BEGIN Input

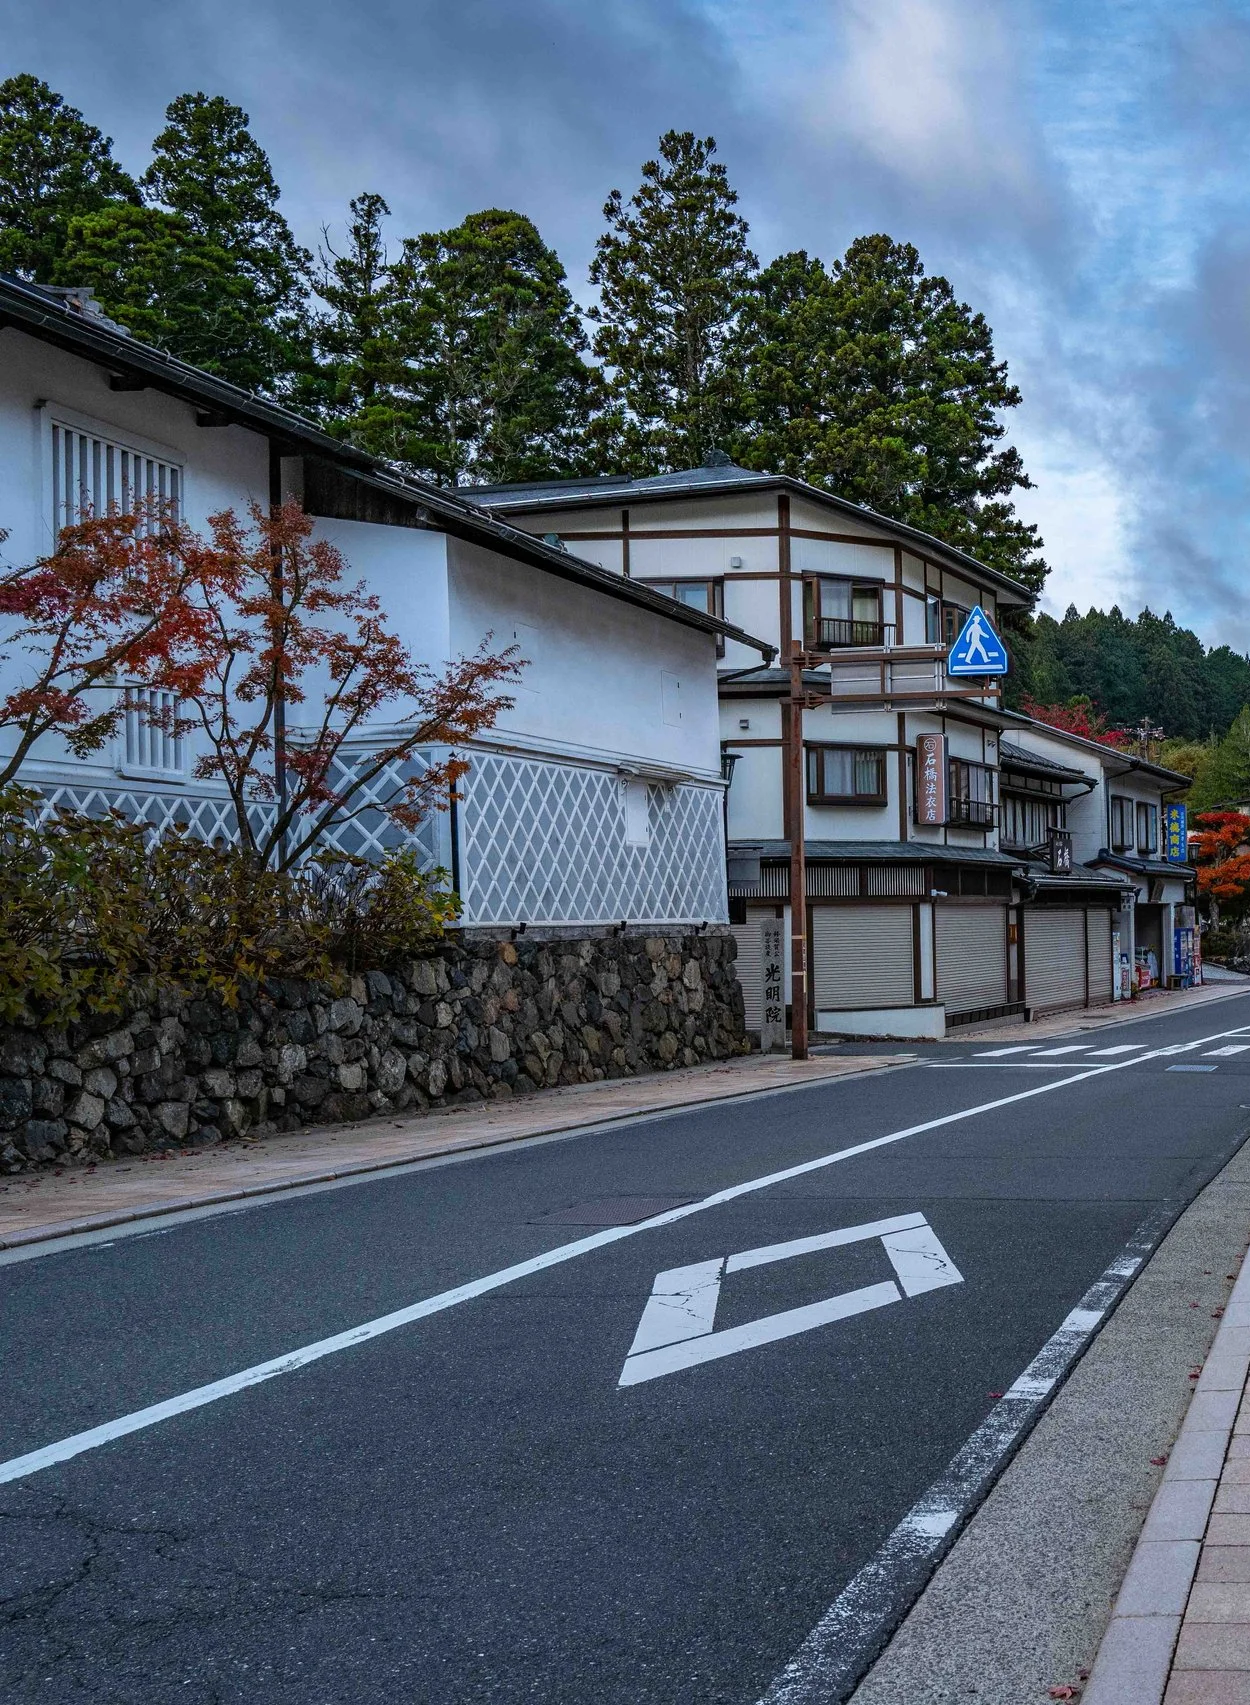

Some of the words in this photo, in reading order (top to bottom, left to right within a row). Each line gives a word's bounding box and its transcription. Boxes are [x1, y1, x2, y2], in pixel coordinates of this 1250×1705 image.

[924, 752, 937, 821] 石橋法衣店
[765, 963, 781, 1023] 光明院
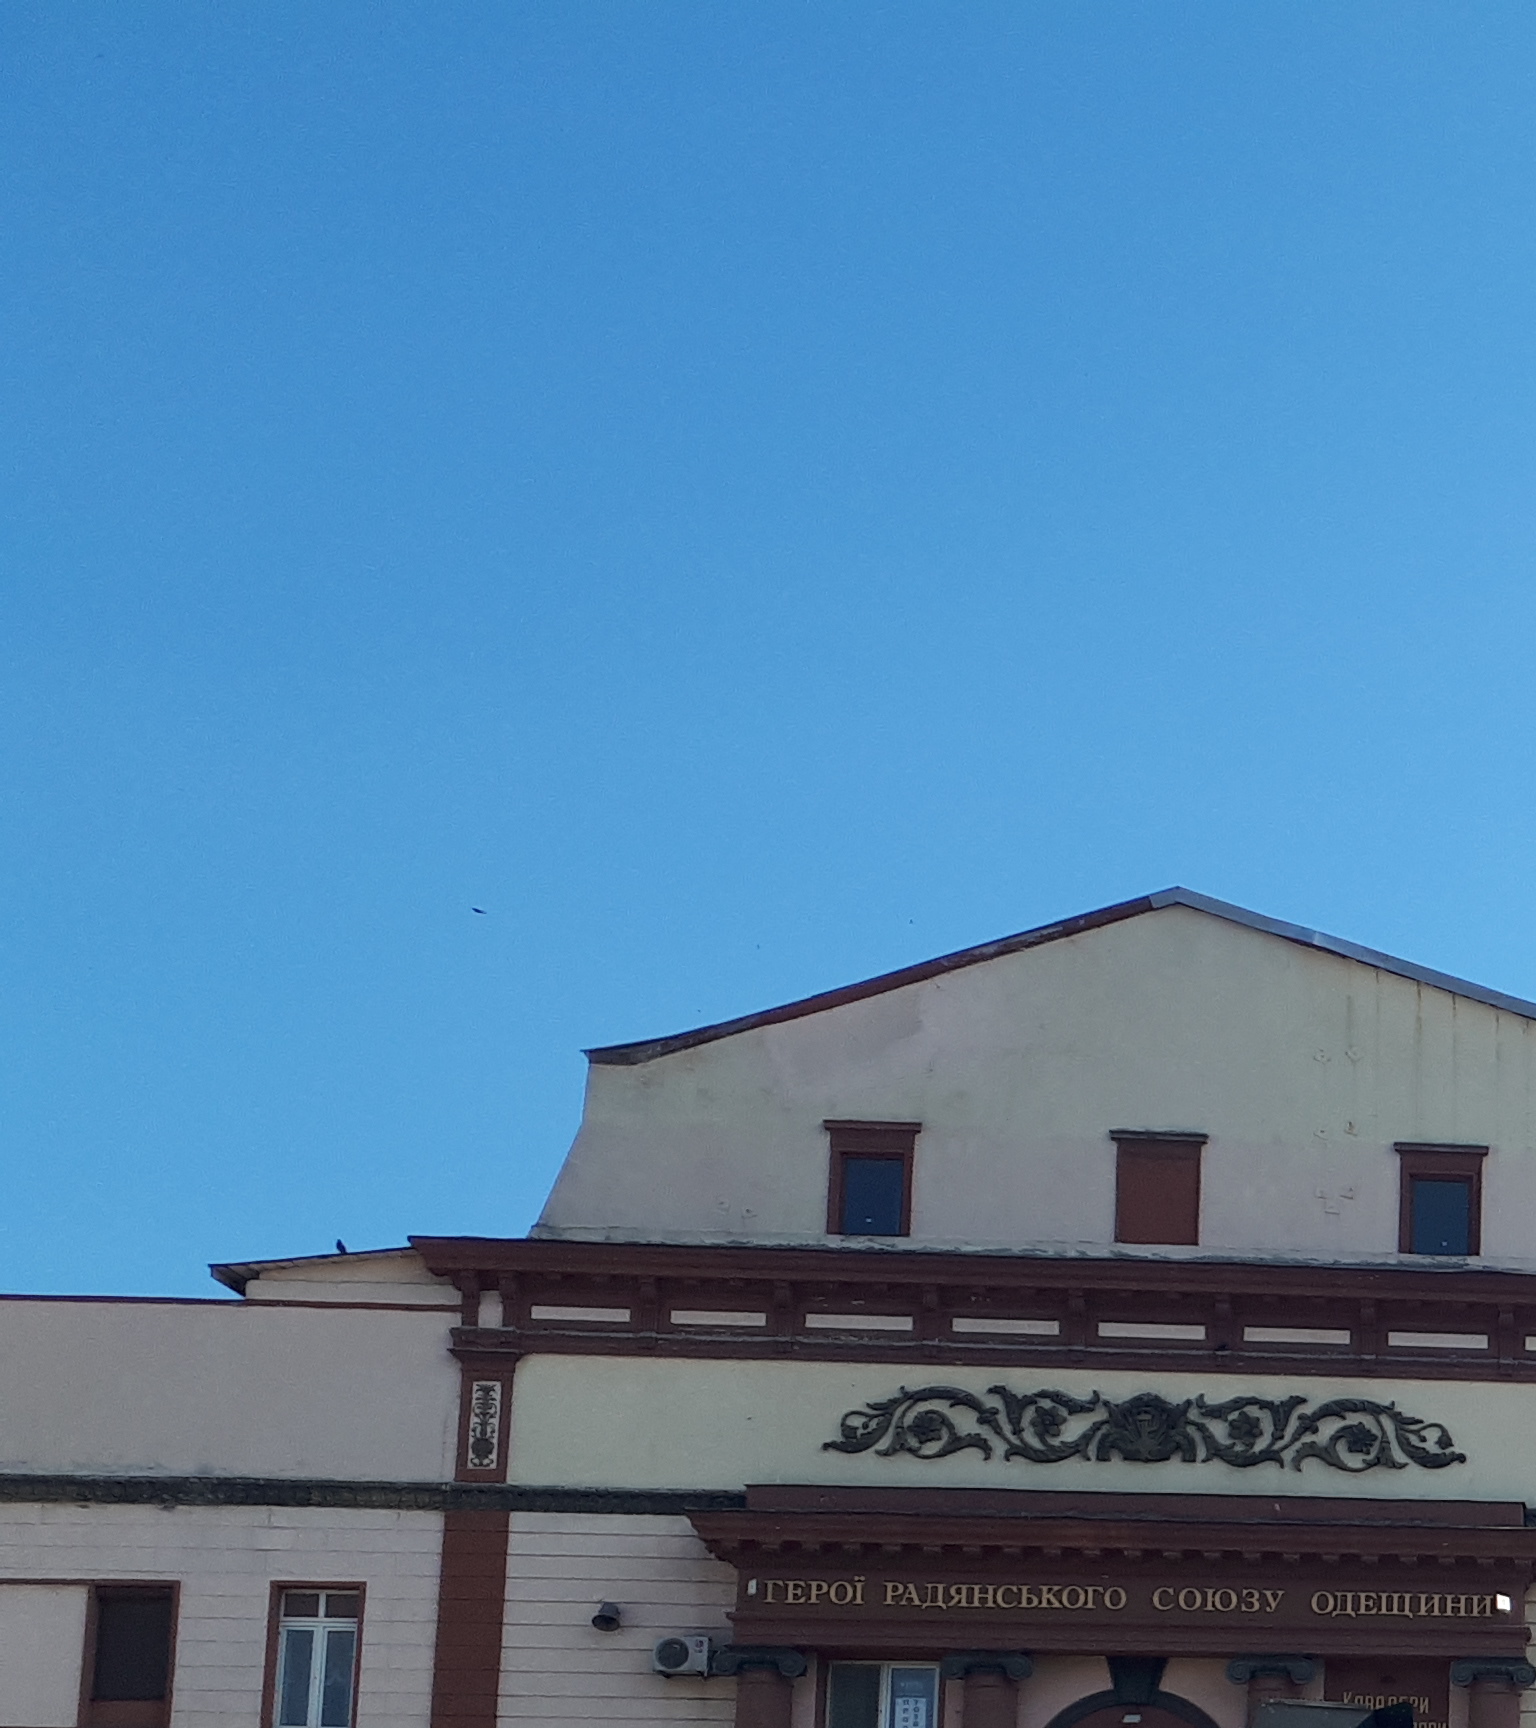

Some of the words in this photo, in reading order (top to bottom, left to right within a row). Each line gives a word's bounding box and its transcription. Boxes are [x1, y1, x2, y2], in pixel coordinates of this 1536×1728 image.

[764, 1577, 866, 1605] ГЕРОЇ
[884, 1582, 1127, 1611] РАДЯНСЬКОГО
[1153, 1587, 1285, 1613] СОЮЗУ
[1311, 1591, 1496, 1619] ОДЕЩИНИ
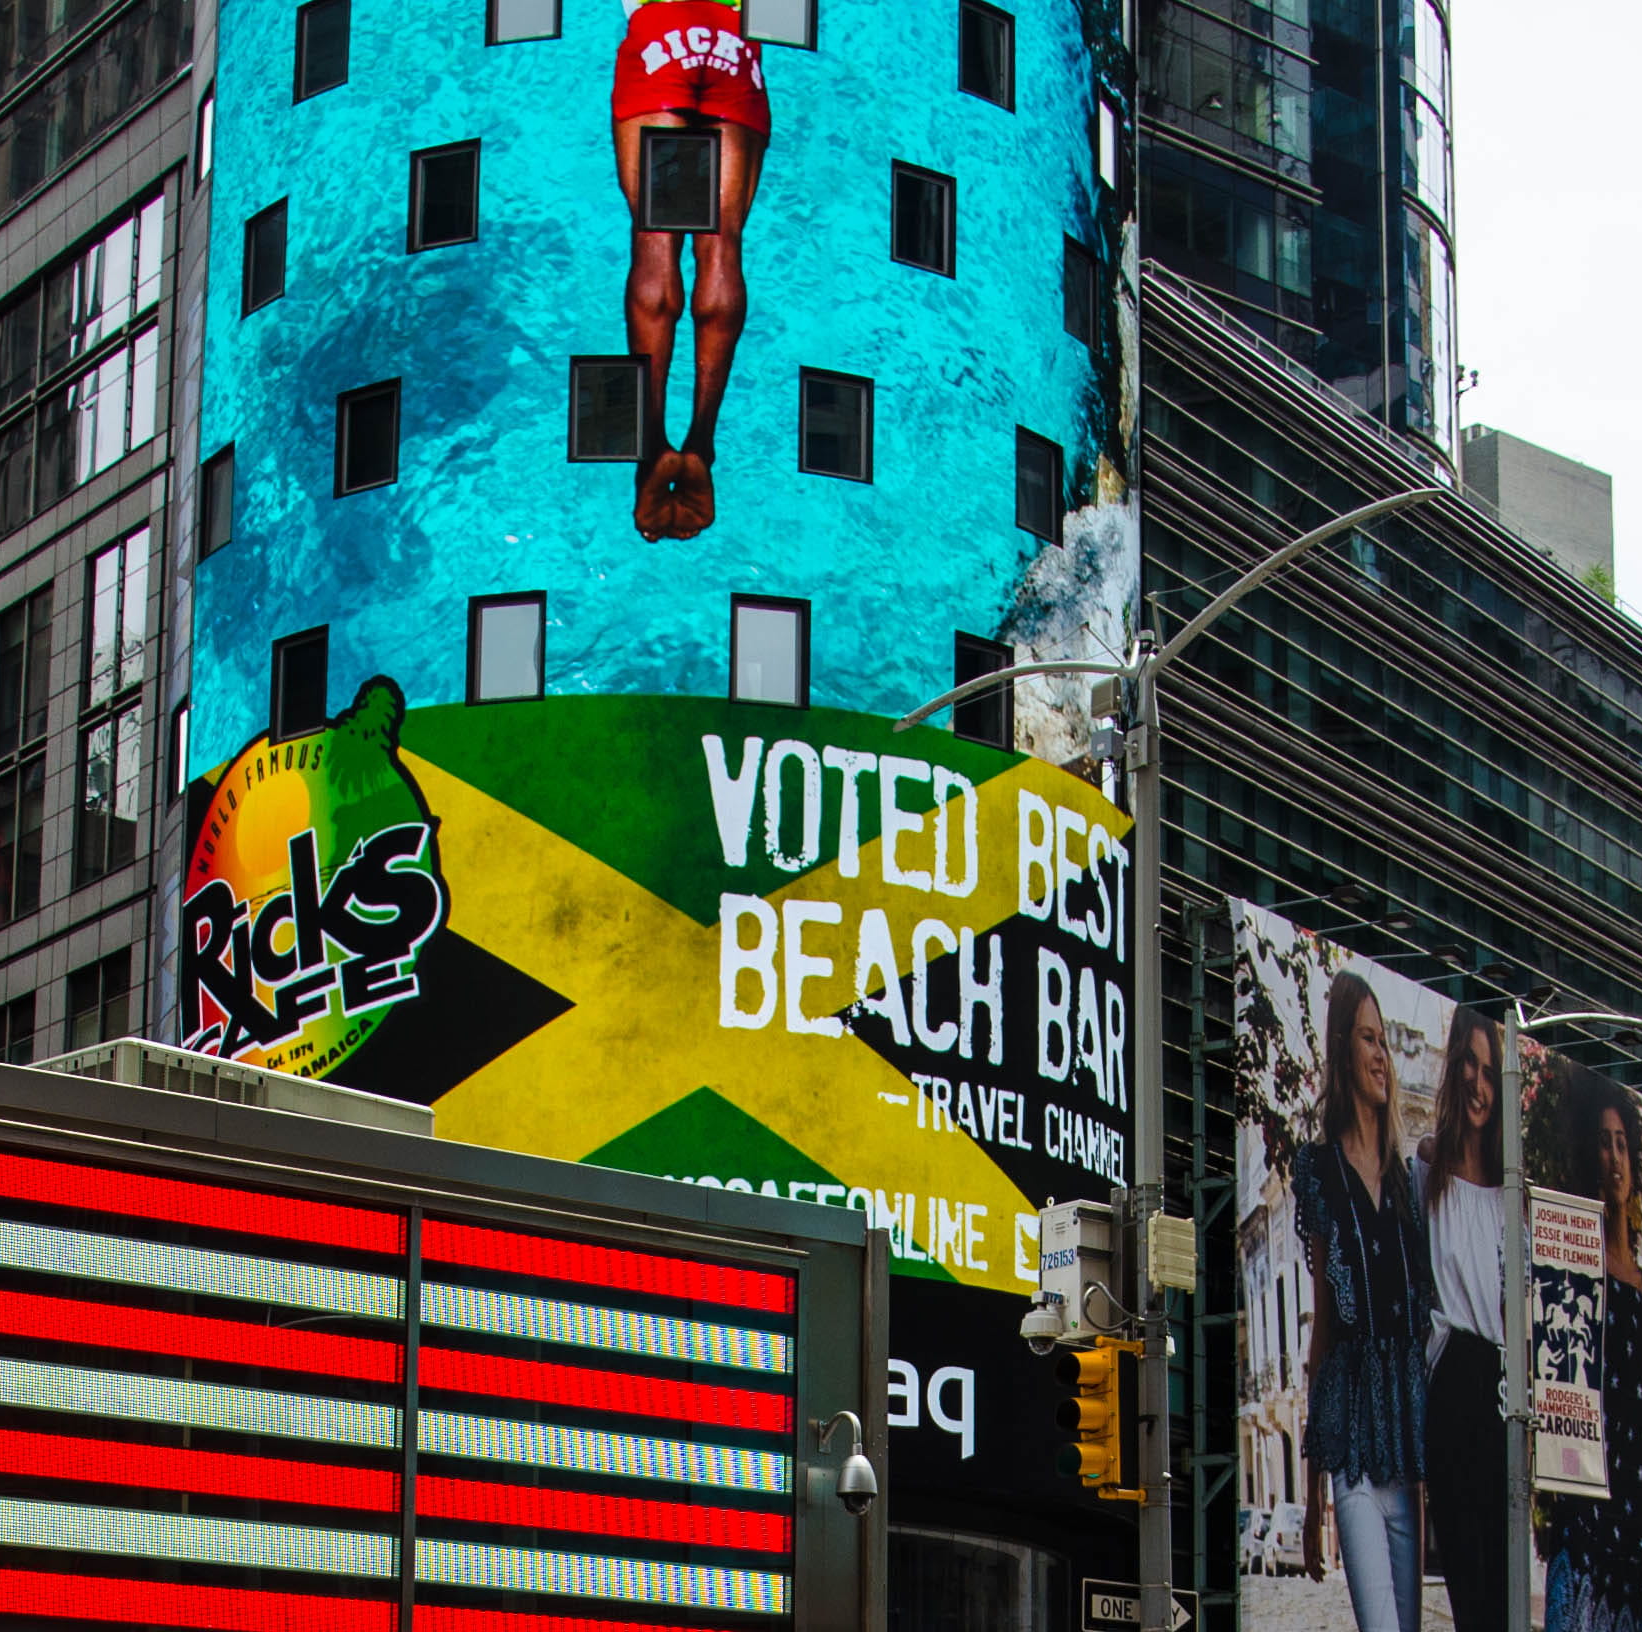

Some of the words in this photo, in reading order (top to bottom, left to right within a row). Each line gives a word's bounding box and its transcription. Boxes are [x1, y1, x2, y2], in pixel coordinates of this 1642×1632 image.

END Input

### Task prompt
Starting at the line that contains "this 1536×1728 image." and ending at the final line of the data, reproduce each line exactly. Pictures stay out of the copy.

### Written solution
Some of the words in this photo, in reading order (top to bottom, left to right within a row). Each line gives a word's bounding box and its transcription. Boxes are [x1, y1, x2, y2], in pixel coordinates of this 1536×1728 image.

[764, 1577, 866, 1605] ГЕРОЇ
[884, 1582, 1127, 1611] РАДЯНСЬКОГО
[1153, 1587, 1285, 1613] СОЮЗУ
[1311, 1591, 1496, 1619] ОДЕЩИНИ

Some of the words in this photo, in reading order (top to bottom, left to right within a row). Each line gives a word's bounding box and its transcription. Boxes are [x1, y1, x2, y2], in pixel coordinates of this 1642×1632 image.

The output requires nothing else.